Parameterized code generation

Because the code is a string, you can generate it programmatically:

        
    
def make_reducer(operation: str) -> flyte.sandbox.CodeTaskTemplate:
    """Create a sandboxed task that reduces a list using the given operation."""
    if operation == "sum":
        body = """
            acc = 0
            for v in values:
                acc = acc + v
            acc
        """
    elif operation == "product":
        body = """
            acc = 1
            for v in values:
                acc = acc * v
            acc
        """
    else:
        raise ValueError(f"Unknown operation: {operation}")

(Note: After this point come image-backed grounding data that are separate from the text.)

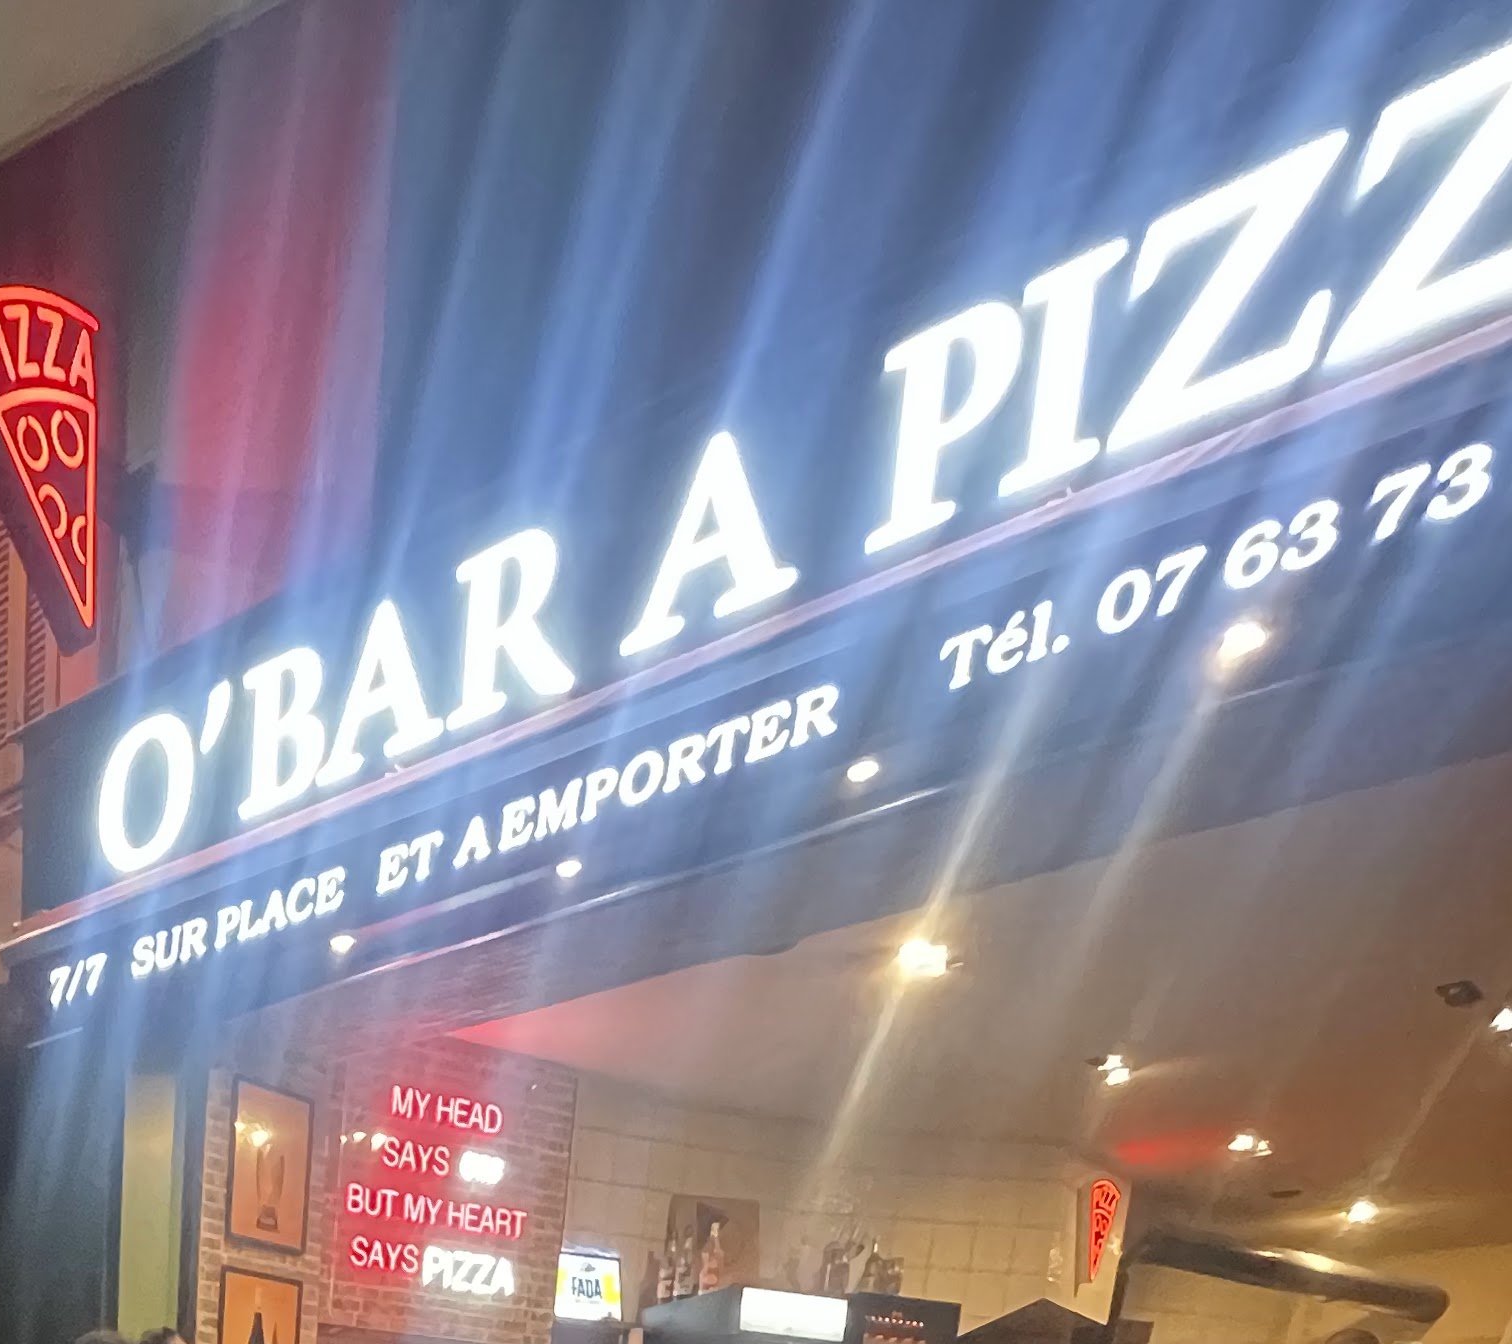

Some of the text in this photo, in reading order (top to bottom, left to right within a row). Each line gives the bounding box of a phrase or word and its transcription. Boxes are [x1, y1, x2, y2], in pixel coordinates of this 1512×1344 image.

[939, 443, 1494, 693] Tél. 07 63 73
[98, 527, 576, 874] O'BAR
[620, 431, 799, 658] A
[49, 952, 107, 1010] 7/7
[131, 916, 208, 979] SUR
[214, 866, 347, 951] PLACE
[376, 830, 444, 896] ET
[391, 1085, 503, 1133] MY HEAD
[382, 1136, 450, 1176] SAYS
[347, 1183, 527, 1238] BUT MY HEART
[350, 1235, 515, 1296] SAYS PIZZA
[571, 1276, 603, 1299] FADA
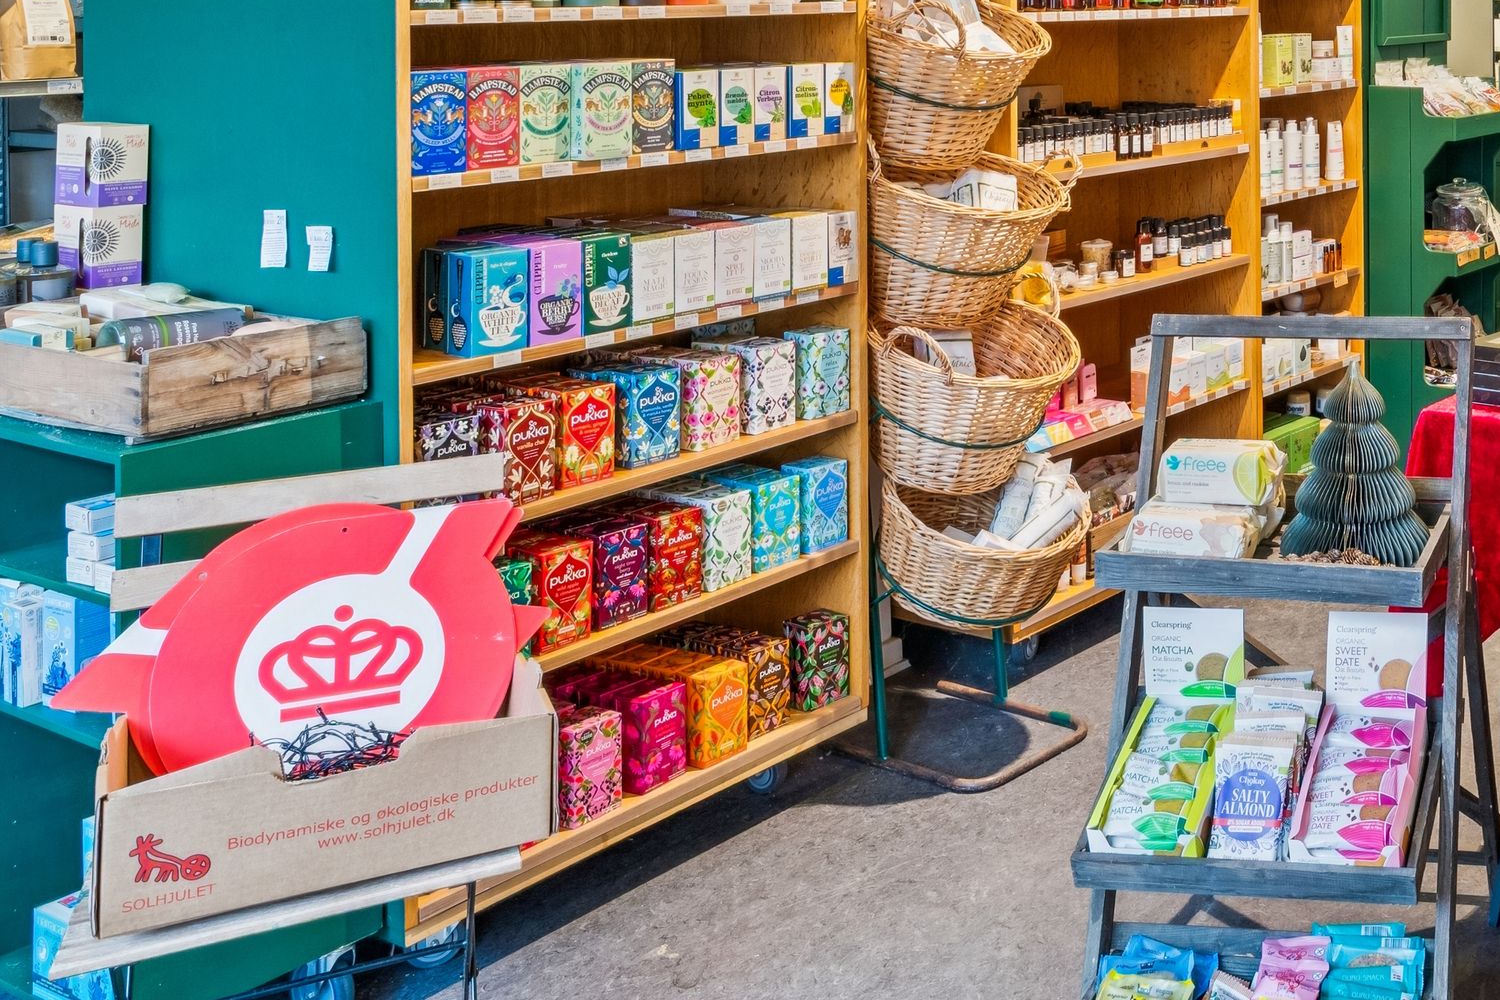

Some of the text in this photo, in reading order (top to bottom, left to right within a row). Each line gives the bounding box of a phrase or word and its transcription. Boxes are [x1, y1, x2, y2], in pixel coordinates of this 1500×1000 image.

[523, 76, 570, 95] HAMPSTEAD
[585, 73, 630, 92] HAMPSTEAD
[634, 71, 674, 89] HAMPSTEAD
[412, 83, 466, 104] HAMPSTEAD
[468, 79, 518, 100] HAMPSTEAD
[759, 89, 781, 97] Citron
[795, 85, 819, 94] Citron-
[795, 91, 819, 99] melisse
[687, 92, 713, 102] Peber-
[687, 99, 714, 109] mynte
[756, 95, 783, 103] Verbena
[533, 249, 543, 295] CLIPPER
[584, 243, 593, 288] CLIPPER
[475, 257, 484, 305] CLIPPER
[540, 298, 574, 309] ORGANIC
[591, 292, 623, 303] ORGANIC
[594, 298, 622, 309] DECAF
[480, 309, 517, 321] ORGANIC
[541, 305, 573, 318] BERRY
[482, 316, 516, 329] WHITE
[490, 324, 511, 336] TEA
[821, 350, 843, 361] pukka
[709, 376, 733, 388] pukka
[639, 390, 675, 409] pukka
[570, 408, 609, 427] pukka
[512, 426, 550, 445] pukka
[437, 442, 467, 457] pukka
[1182, 456, 1227, 473] freee
[816, 482, 844, 498] pukka
[769, 498, 791, 511] pukka
[1148, 520, 1194, 541] freee
[668, 531, 693, 547] pukka
[612, 549, 638, 563] pukka
[549, 567, 587, 590] pukka
[1150, 620, 1193, 630] Clearspring
[1336, 625, 1378, 635] Clearspring
[819, 638, 841, 652] pukka
[1151, 646, 1194, 655] MATCHA
[1335, 647, 1368, 656] SWEET
[1335, 658, 1360, 667] DATE
[759, 663, 782, 679] pukka
[711, 687, 743, 710] pukka
[654, 710, 678, 728] pukka
[586, 740, 612, 758] pukka
[1125, 772, 1160, 785] MATCHA
[1238, 776, 1267, 787] Chokay
[1231, 788, 1270, 803] SALTY
[227, 774, 539, 851] Biodynamiske og økologiske produkter
[1111, 806, 1143, 814] MATCHA
[1220, 801, 1275, 818] ALMOND
[1312, 814, 1341, 822] SWEET
[317, 809, 457, 850] www.solhjulet.dk
[1311, 822, 1332, 830] DATE
[121, 883, 217, 914] SOLHJULET

    return flyte.sandbox.orchestrator_from_str(
        body,
        inputs={"values": list},
        output=int,
        name=f"reduce-{operation}",
    )


sum_task = make_reducer("sum")
product_task = make_reducer("product")

Building agents with programmatic tool calling

The sandboxed orchestrator and orchestrate_local() are the foundation for building agents that use programmatic tool calling — systems where an LLM generates Python orchestration code, and the sandbox executes it with registered tools.

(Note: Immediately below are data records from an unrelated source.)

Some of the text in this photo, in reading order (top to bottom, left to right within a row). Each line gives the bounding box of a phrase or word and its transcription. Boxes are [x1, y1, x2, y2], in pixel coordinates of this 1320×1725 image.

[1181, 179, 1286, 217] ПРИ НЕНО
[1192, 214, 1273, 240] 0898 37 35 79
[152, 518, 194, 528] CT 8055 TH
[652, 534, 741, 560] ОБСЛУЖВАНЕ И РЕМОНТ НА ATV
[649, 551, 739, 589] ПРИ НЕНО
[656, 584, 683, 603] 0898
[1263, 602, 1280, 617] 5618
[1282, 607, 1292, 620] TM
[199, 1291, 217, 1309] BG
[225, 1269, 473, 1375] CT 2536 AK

Because orchestrate_local() accepts a plain code string and a list of tool functions, you can wire it into an LLM generate-execute-retry loop: the model writes code, the sandbox runs it, and on failure the error feeds back to the model for correction.

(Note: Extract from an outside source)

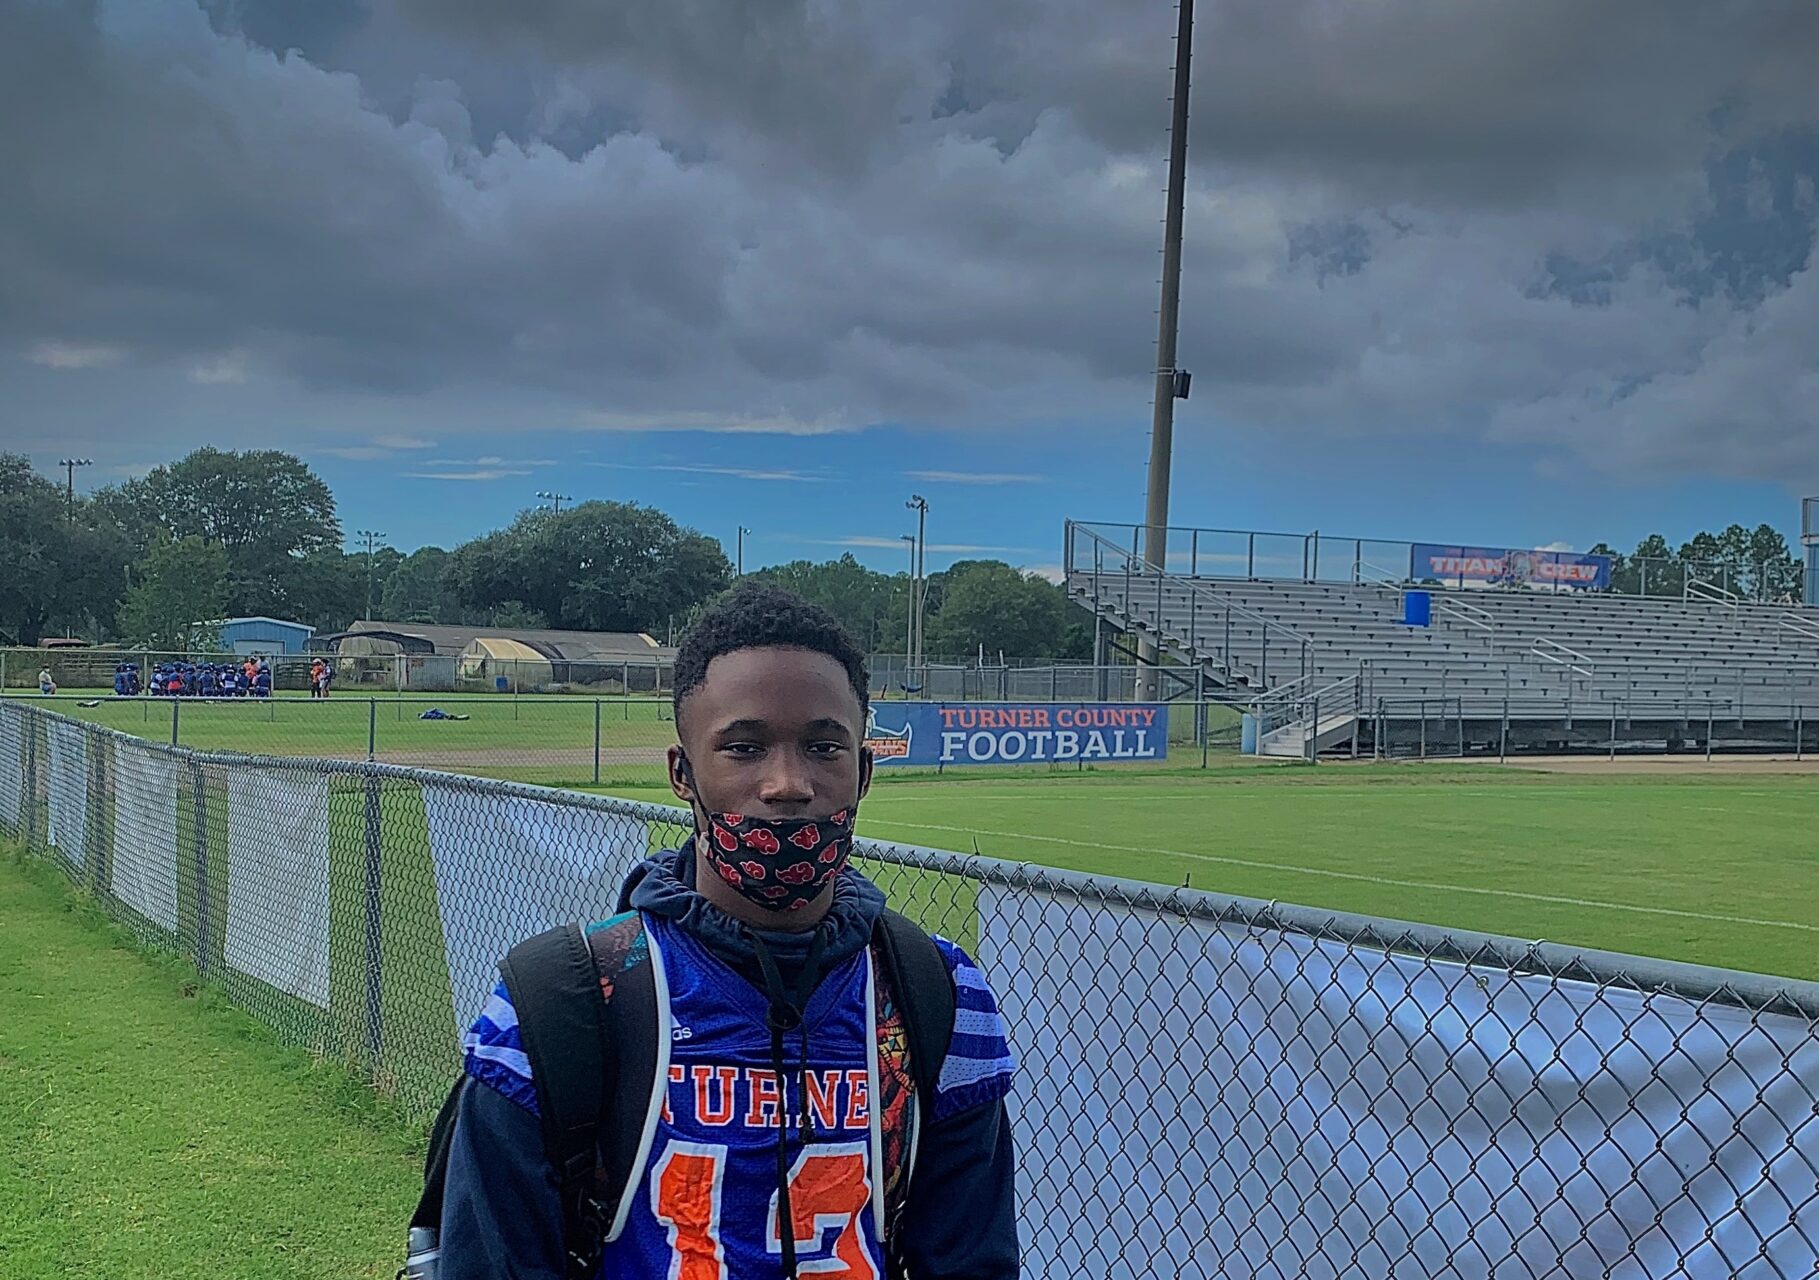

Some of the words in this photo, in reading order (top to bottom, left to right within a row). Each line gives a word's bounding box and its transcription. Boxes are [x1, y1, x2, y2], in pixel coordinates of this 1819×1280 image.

[1538, 563, 1598, 580] CREW
[939, 708, 1050, 728] TURNER
[1056, 708, 1157, 727] COUNTY
[939, 730, 1155, 761] FOOTBALL

See Programmatic tool calling for agents for the full concept, agent implementation patterns, and end-to-end examples.

Syntax restrictions

Monty enforces strict syntax restrictions to guarantee sandbox safety. These restrictions are a feature, not a limitation — they ensure that sandboxed code is deterministic and side-effect free.

Allowed

Feature	Notes
Variables and assignment	`x = 1`
Arithmetic and comparisons	`x + y`, `x > y`
String operations	Concatenation, formatting
`if`/`elif`/`else`	Conditional logic
`for` loops	Iteration over lists, ranges, dicts
`while` loops	Condition-based loops
Function definitions (`def`)	Local helper functions
`async def` and `await`	Async orchestrators
List/dict/tuple literals	`[1, 2, 3]`, `{"key": "value"}`
List comprehensions	`[x * 2 for x in items]`
`.append()` on lists	Building lists incrementally
Subscript reading	`x = d["key"]`, `x = l[0]`
External task calls	Calling registered `@env.task` workers
`raise`	Raising exceptions

Not allowed

Feature	Workaround
`import`	All available functions are provided directly
Subscript assignment (`d[k] = v`, `l[i] = v`)	Build dicts as literals; use `.append()` for lists
Augmented assignment (`x += 1`)	Use `x = x + 1`
`class` definitions	Use dicts or tuples
`with` statements	Not needed — no resource management in sandbox
`try`/`except`	Errors propagate to the controller
Walrus operator (`:=`)	Use separate assignment
`yield`/`yield from`	Not supported
`global`/`nonlocal`	Not supported
Set literals/comprehensions	Use lists
`del` statements	Not supported
`assert` statements	Use `if` + `raise`

Type restrictions

Primitive types: int, float, str, bool, bytes, None
Collection types: list, dict, tuple (including generic forms like list[int], dict[str, float])
Opaque IO handles: File, Dir, DataFrame — pass-through only, cannot be inspected in the sandbox
Union types: Optional[T] and Union of allowed types
Not allowed: Custom classes, dataclasses, Pydantic models, or any user-defined types

Security model

The sandboxed orchestrator provides security through restriction, not trust:

No filesystem access: Cannot read, write, or list files
No network access: Cannot make HTTP requests, open sockets, or resolve DNS
No OS access: Cannot spawn processes, read environment variables, or access system resources
No imports: Cannot load any Python modules
Opaque IO: File, Dir, and DataFrame values pass through the sandbox without inspection — the sandbox can route them between tasks but cannot read their contents
Type-checked boundaries: Inputs and outputs are validated against declared types at the sandbox boundary
Deterministic execution: The same inputs always produce the same outputs (excluding external task results)

The sandbox runs untrusted code safely because dangerous operations are not just discouraged — they are structurally impossible in the Monty runtime.